The Bank maintains a high liquidity buffer by investing in government and commercial debt securities of the highest ranking that can be quickly liquidated, by keeping funds on the current account at NBP and in other banks (nostro accounts), by keeping cash at the Bank’s cash desks, and by investing the funds in interbank deposits, within the established limits. The adequacy of the liquidity buffer is controlled by comparing it with the established minimum liquidity buffer necessary to survive a stress scenario for up to and including 7 days and for 30 days.

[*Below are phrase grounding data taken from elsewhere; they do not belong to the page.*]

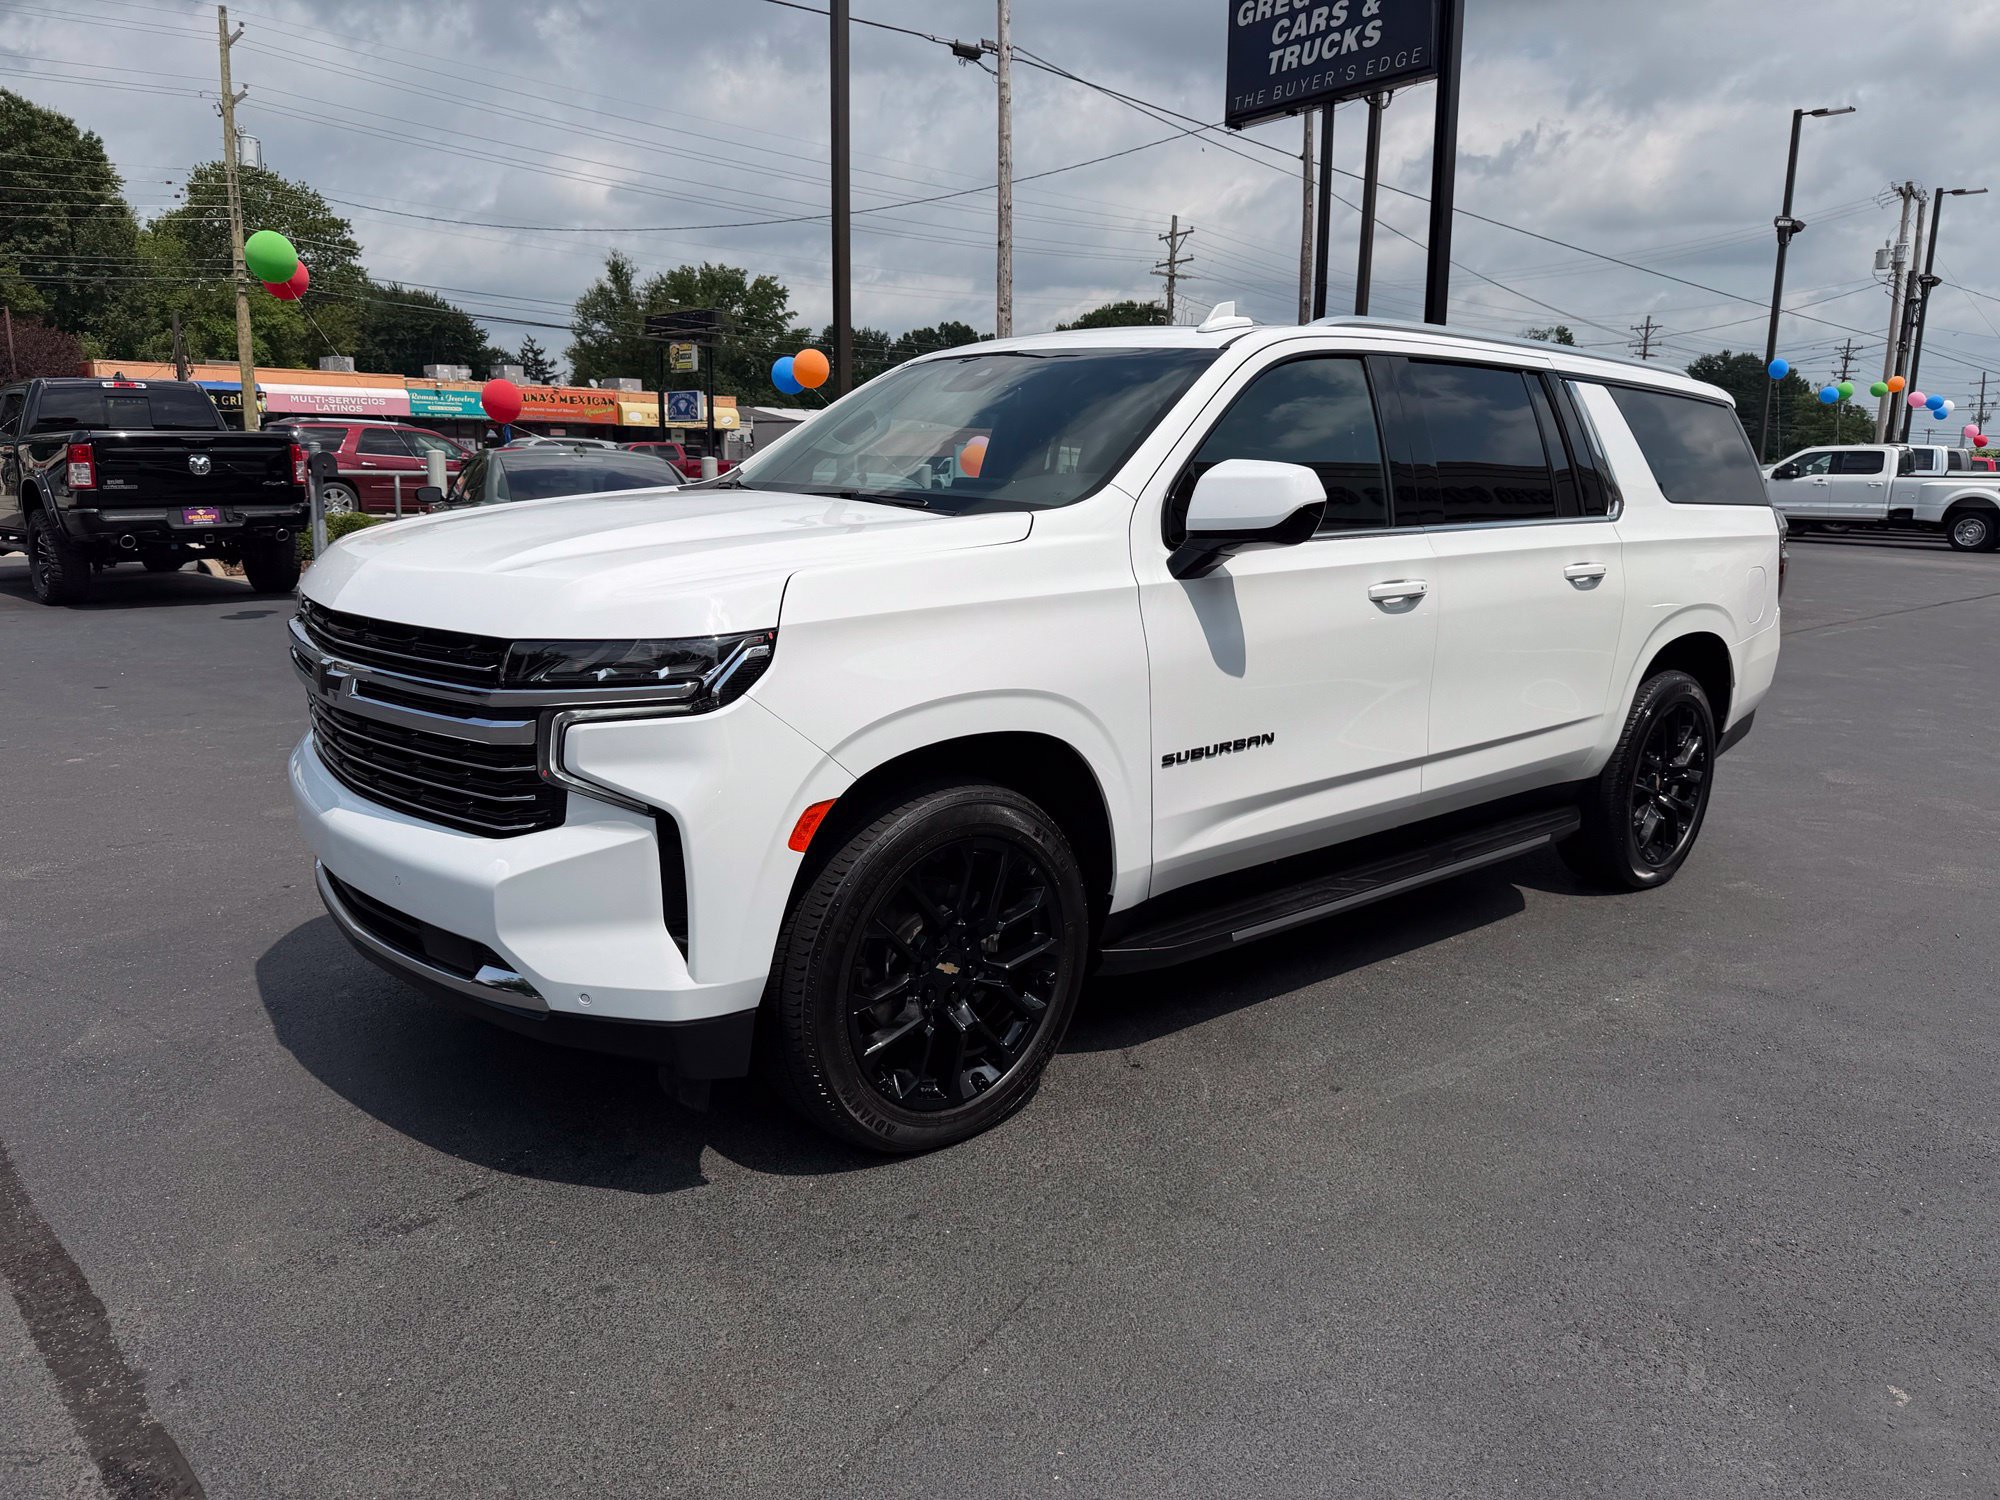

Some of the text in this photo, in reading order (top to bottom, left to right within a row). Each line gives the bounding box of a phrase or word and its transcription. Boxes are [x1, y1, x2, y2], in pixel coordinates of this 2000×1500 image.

[1271, 0, 1381, 46] CARS &
[1268, 19, 1383, 76] TRUCKS
[1234, 46, 1423, 111] THE BUYER'S EDGE
[290, 395, 386, 406] MULTI-SERVICIOS
[315, 403, 364, 413] LATINOS
[445, 393, 475, 404] Jewelry
[559, 395, 615, 406] MEXICAN
[1161, 732, 1275, 769] SUBURBAN

As at 31 December 2019, the total liquidity buffer was PLN 14,295 million as compared to a minimum level of PLN 11,398 million under the shock scenario. To calculate the liquidity buffer, the Bank uses appropriate reductions of particular components of that buffer to take into account market liquidity risk (product).

The main source of funding of the Banks activities, including the liquid assets portfolio, are funds acquired from the deposit base whose level as at the end of 2019 was about 86% of total liabilities.

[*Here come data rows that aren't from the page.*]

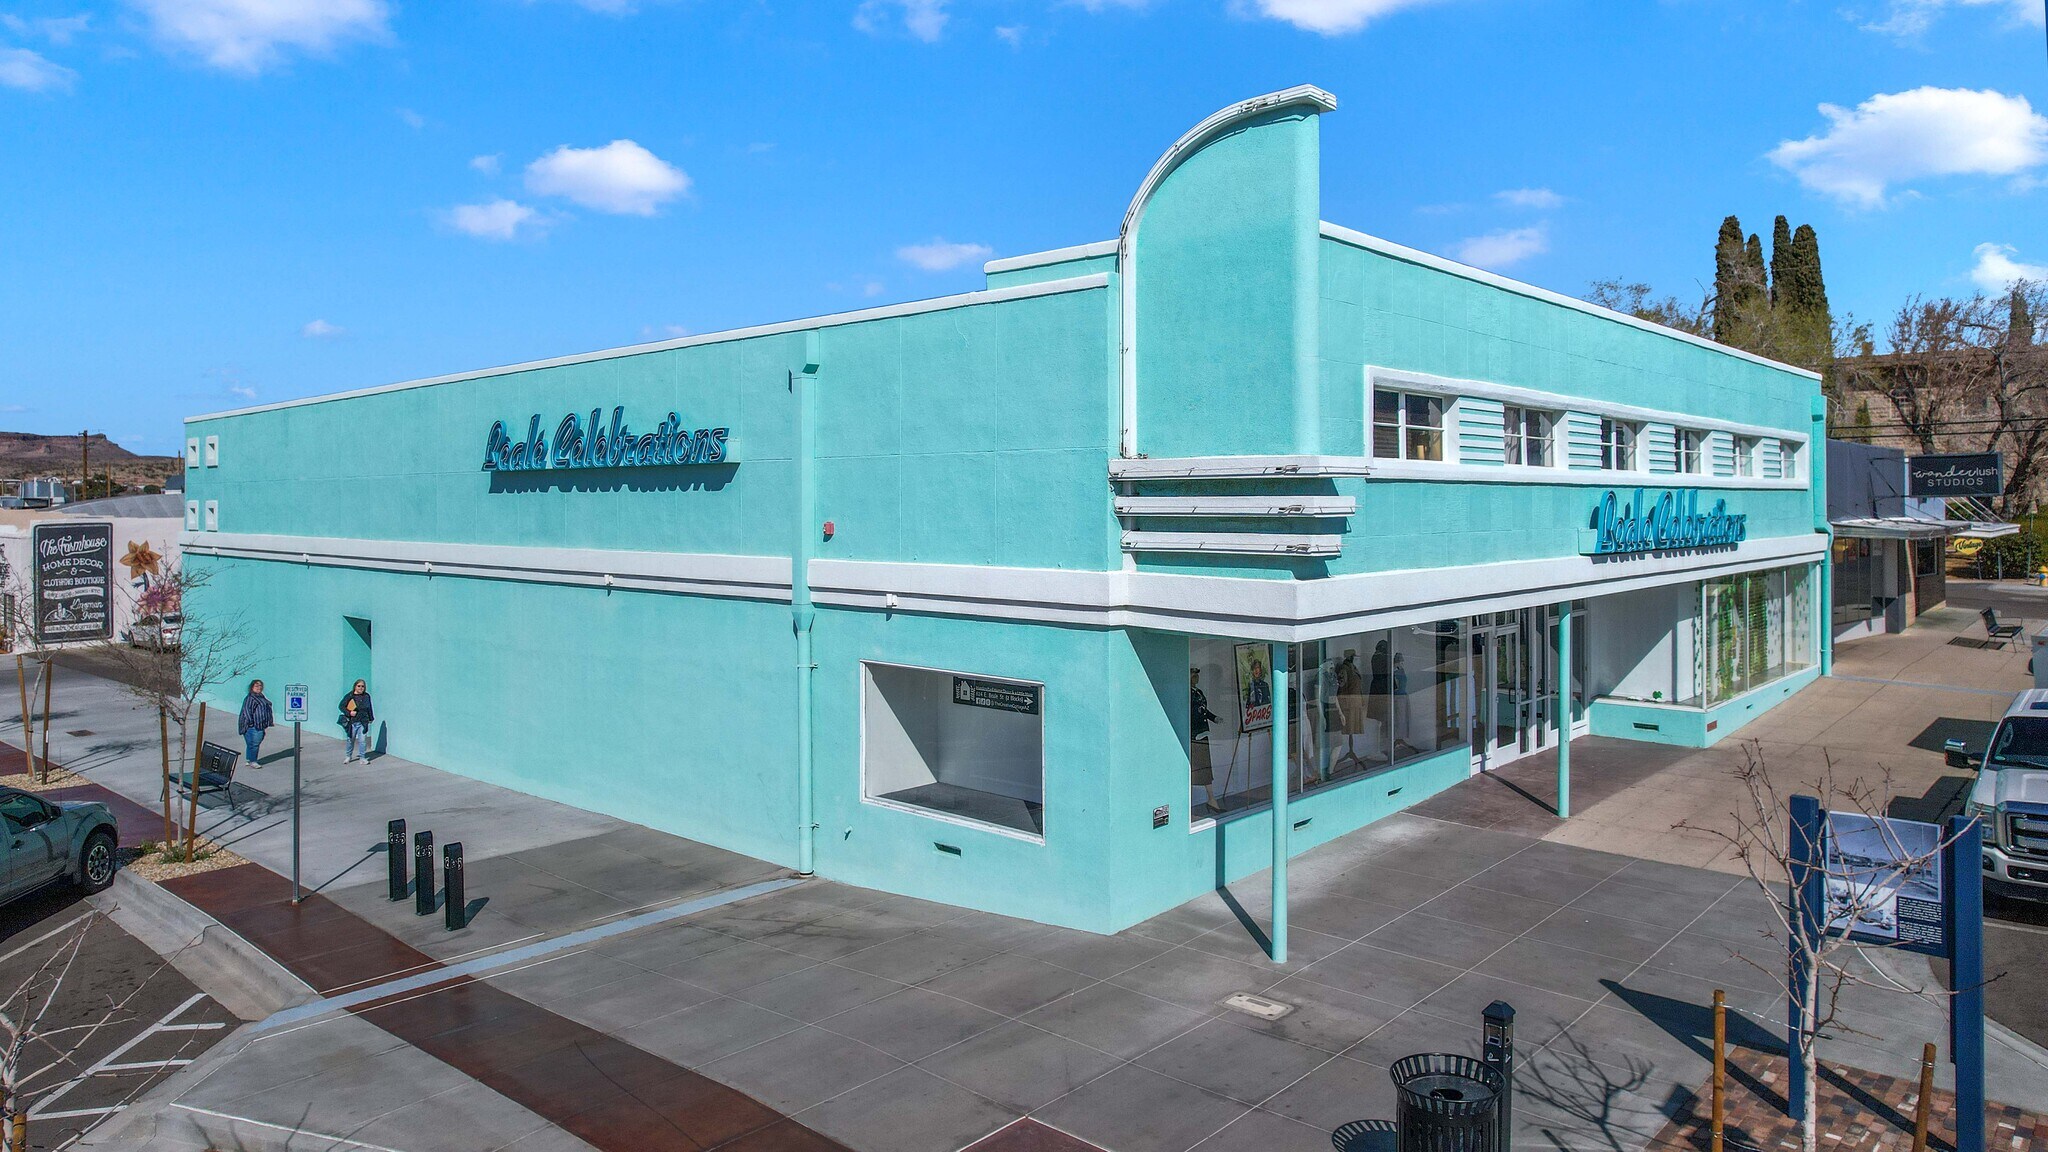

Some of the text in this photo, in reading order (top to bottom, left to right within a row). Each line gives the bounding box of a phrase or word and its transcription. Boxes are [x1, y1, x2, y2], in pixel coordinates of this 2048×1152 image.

[550, 405, 730, 470] Celebrations
[1913, 465, 1998, 479] wanderlush
[1927, 477, 1984, 487] STUDIOS
[40, 534, 107, 558] The Farmhouse
[42, 557, 104, 572] HOME DECOR
[70, 567, 77, 575] &
[43, 576, 105, 587] CLOTHING BOUTIQUE

In addition, the Bank conducts liquidity stress tests taking into account an internal, external, and mixed crisis, including it prepares a plan of acquisition of funds in emergency situations, as well as it defines and verifies the rules for the sale of liquid assets, taking into account the cost of maintaining liquidity.

Under resolution 386/2008 of the Polish Financial Supervision Authority of 17 December 2008, the Bank establishes and reports on a daily basis:

  • rate of coverage of illiquid assets with own funds, 
  • rate of coverage of illiquid or restricted-liquidity assets with own funds and stable third-party funds. 

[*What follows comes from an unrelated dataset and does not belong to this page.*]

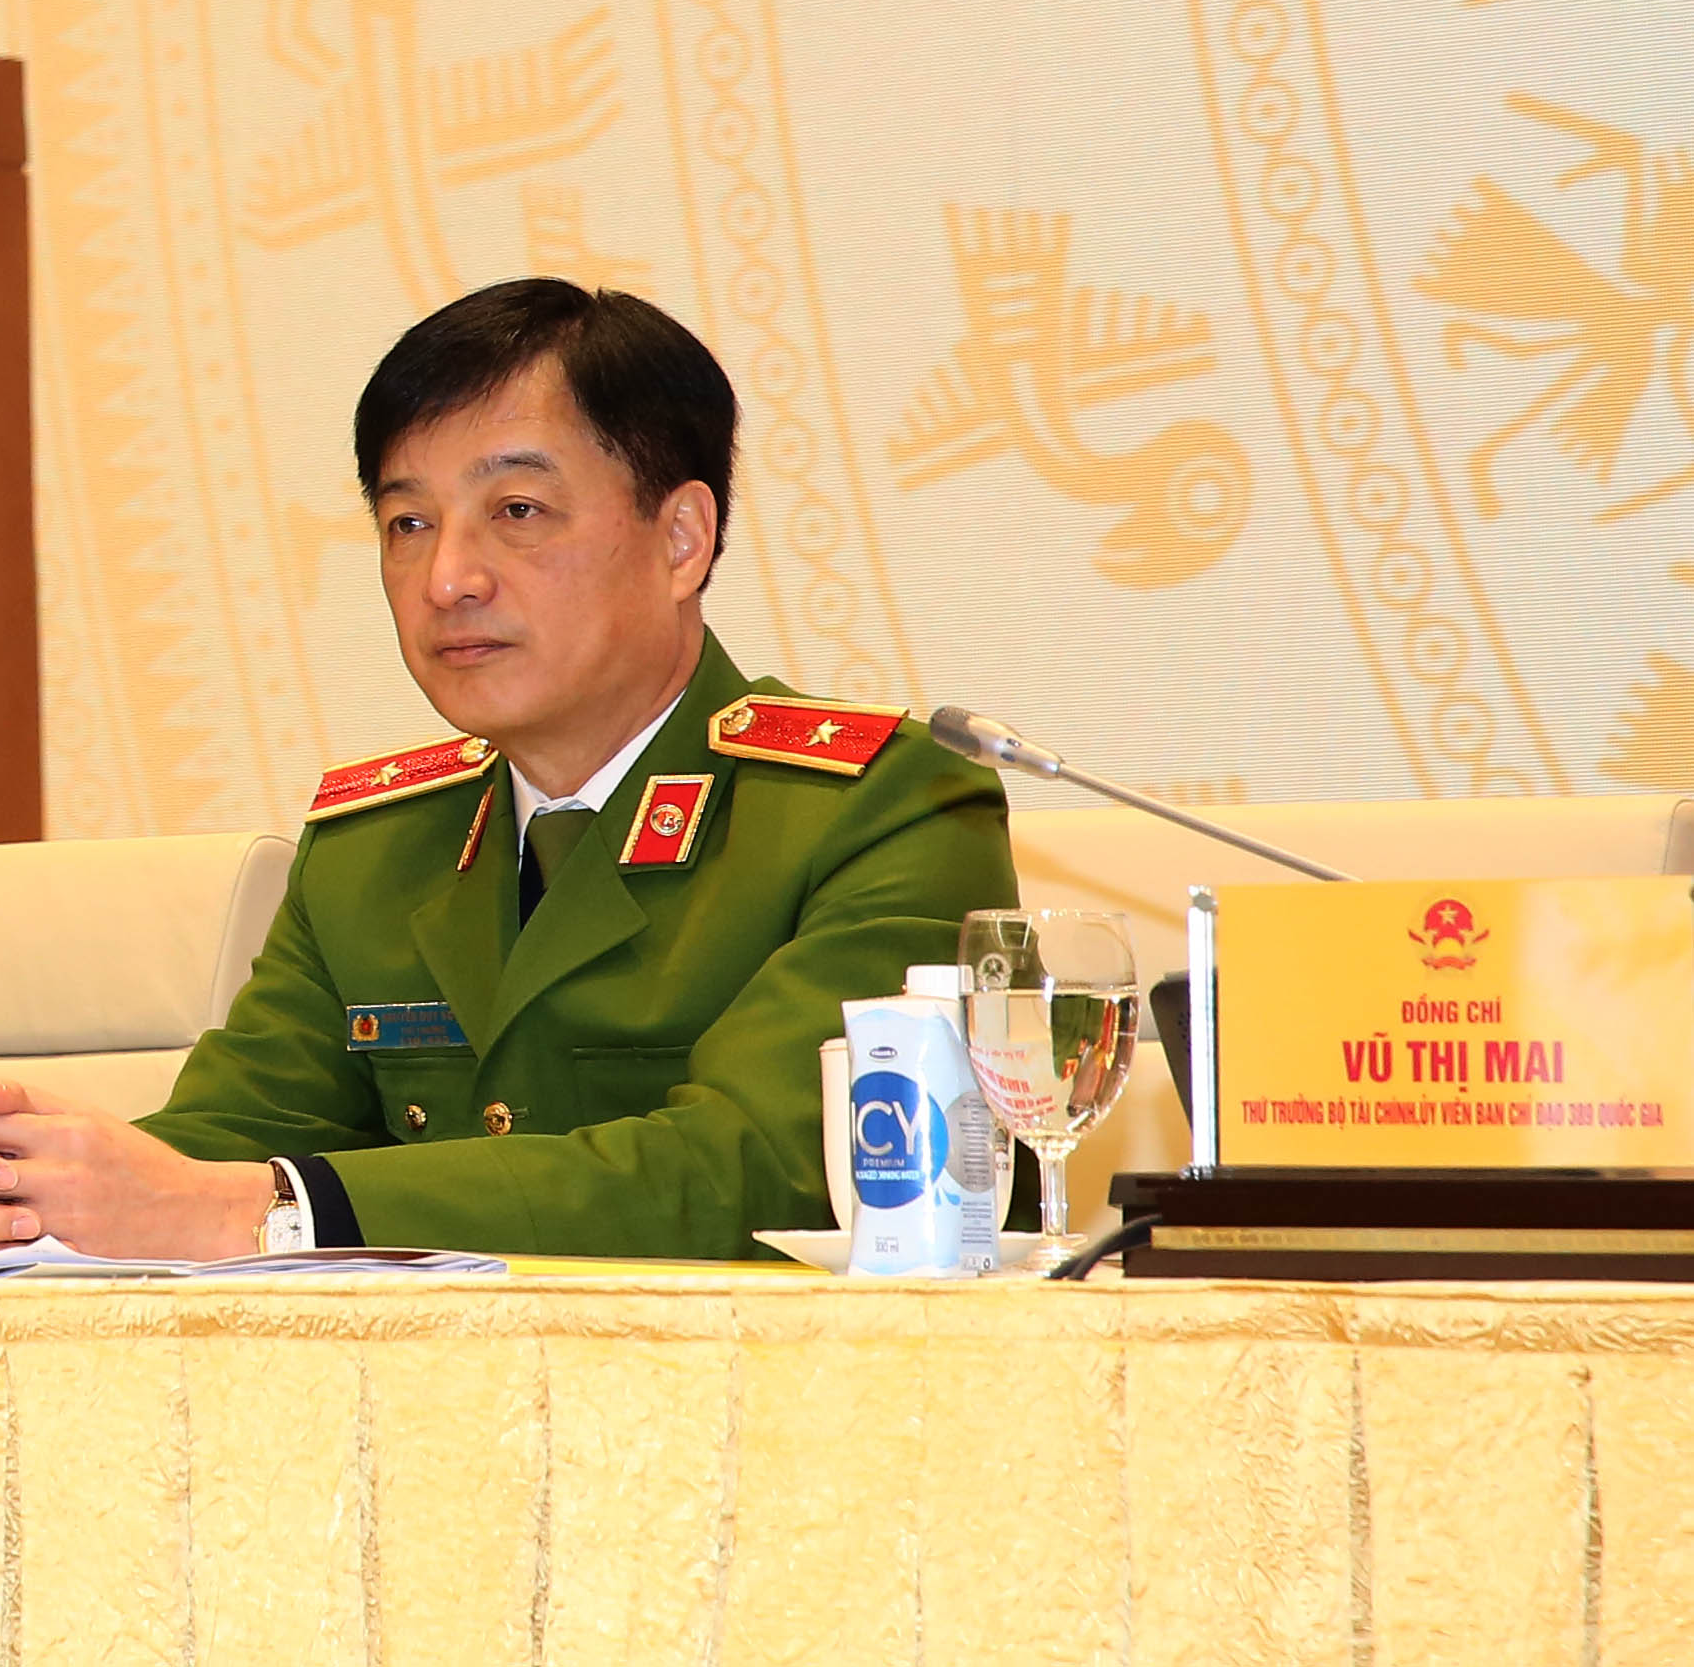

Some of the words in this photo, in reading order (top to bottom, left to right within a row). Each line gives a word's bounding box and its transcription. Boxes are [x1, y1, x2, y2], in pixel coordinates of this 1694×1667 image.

[1466, 995, 1501, 1023] CHÍ
[1342, 1032, 1393, 1083] VŨ
[1406, 1040, 1469, 1092] THỊ
[1484, 1040, 1564, 1083] MAI

These ratios as at 31 December 2019 were, respectively: 3.68 and 1.18.

As required by the above-mentioned Resolution, the Bank conducts a deepened analysis of long-term liquidity, stability and structure of funding sources, taking into account the level of core deposits and concentration of term and current deposits. In addition, the Bank monitors the volatility of on-balance-sheet and off-balance-sheet items, in particular the projected inflows due to credit lines and guarantees provided to customers.

In addition, under Regulation No 575/2013 of the European Parliament and of the Council (EU) of 26 June 2013 on prudential requirements for credit institutions and investment firms (Capital Requirements Regulation – CRR), the Bank monitors and maintains on an adequate level the Liquidity Coverage Ratio – LCR. As at 31 December 2019, LCR for the Group was 148% as compared to the required 100%.

Management of liquidity risk at the Bank’s foreign Branch

In 2019, Alior Bank S.A. held one foreign branch, in Romania, which conducted deposit and credit activity. The Branch is to conduct credit activity with the funding received from Alior Bank S.A. and from the funding acquired in the local market. The Branch’s liquidity level is monitored on an ongoing basis by dedicated organisational units of the Branch and of the Bank’s Headquarters.